Wednesday, March 06, 2013

HARRY DEXTER WHITE

It is interesting to see how facts change political debates.  Harry Dexter White was a spy for the Soviet Union, but for years the left argued that it was just right-wingers making information up about him.  Now Foreign Affairs recognizes that he was indeed a spy.  So the right wins this one.  The issue should be truth and political bias should not stand in the way of finding out what exactly happened. But I haven't heard anyone on the left stand up and admit they were in error on this one.  But could this same thing be happening today?

The truth about White's actions has been clear for at least 15 years now, yet historians remain deeply divided over his intentions and his legacy, puzzled by the chasm between White's public views on political economy, which were mainstream progressive and Keynesian, and his clandestine behavior on behalf of the Soviets. Until recently, the White case has resembled a murder mystery with witnesses and a weapon but no clear motive.
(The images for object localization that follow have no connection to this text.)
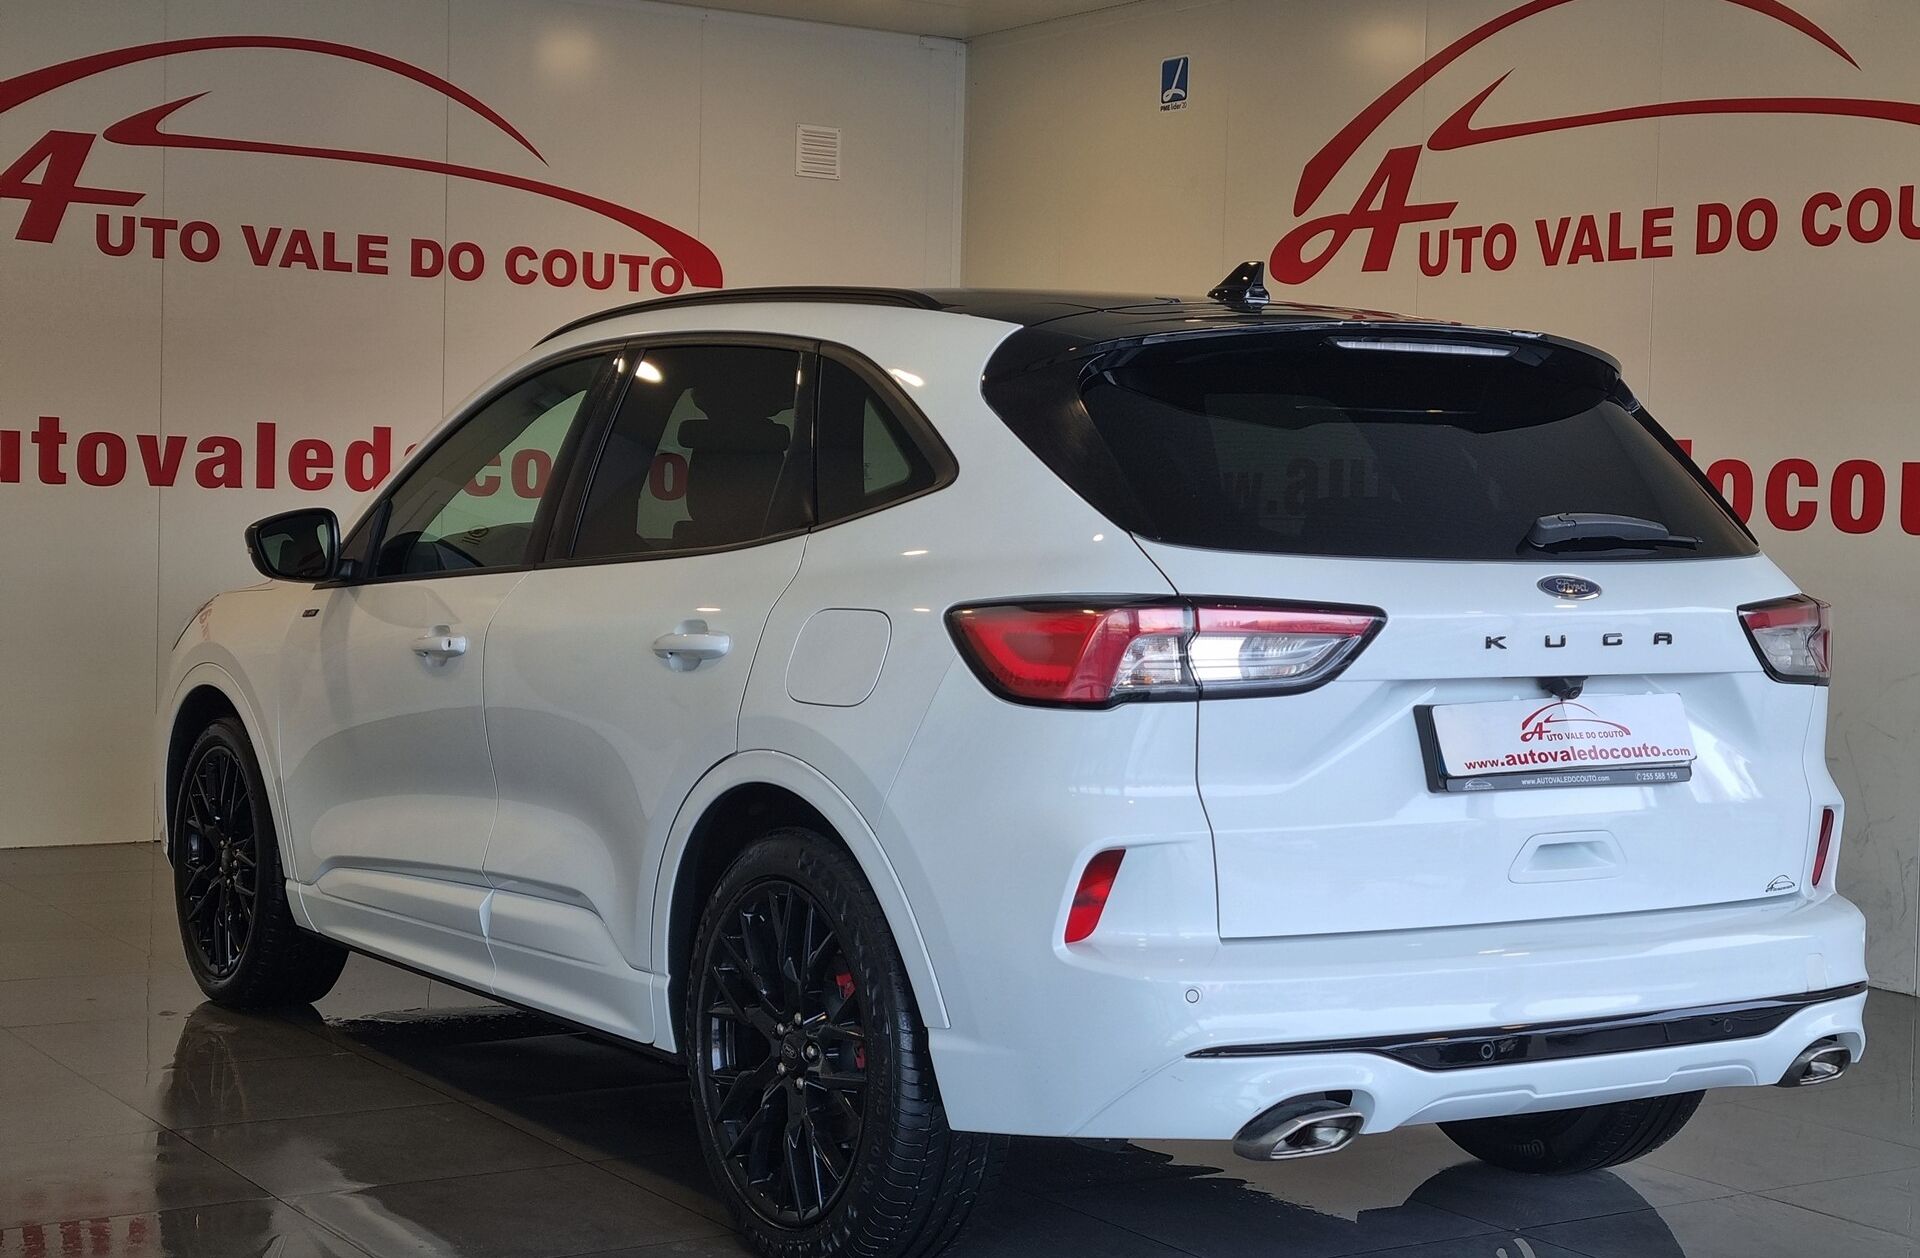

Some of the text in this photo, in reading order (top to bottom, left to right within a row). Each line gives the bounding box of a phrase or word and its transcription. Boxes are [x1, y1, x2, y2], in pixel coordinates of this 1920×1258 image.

[1536, 207, 1674, 266] VALE
[1696, 198, 1778, 255] DO
[242, 225, 389, 275] VALE
[411, 238, 485, 282] DO
[504, 246, 686, 296] COUTO
[1555, 578, 1590, 593] Ford
[1485, 631, 1673, 650] KUGA
[1564, 732, 1584, 740] VALE
[1586, 731, 1597, 739] DO
[1599, 730, 1624, 739] COUTO
[1464, 743, 1690, 770] www.autovaledocouto.com
[1521, 775, 1610, 785] www.AUTOVALEDOCOUTO.com
[1642, 772, 1654, 780] 255
Now we have one. The closest thing to a missing link between the official White and the secret White is an unpublished handwritten essay on yellow-lined notepaper that I found buried in a large folder of miscellaneous scribblings in White's archives at Princeton University. Apparently missed by his previous chroniclers, it provides a fascinating window onto the aspirations and mindset of this intellectually ambitious overachiever at the height of his power, in 1944.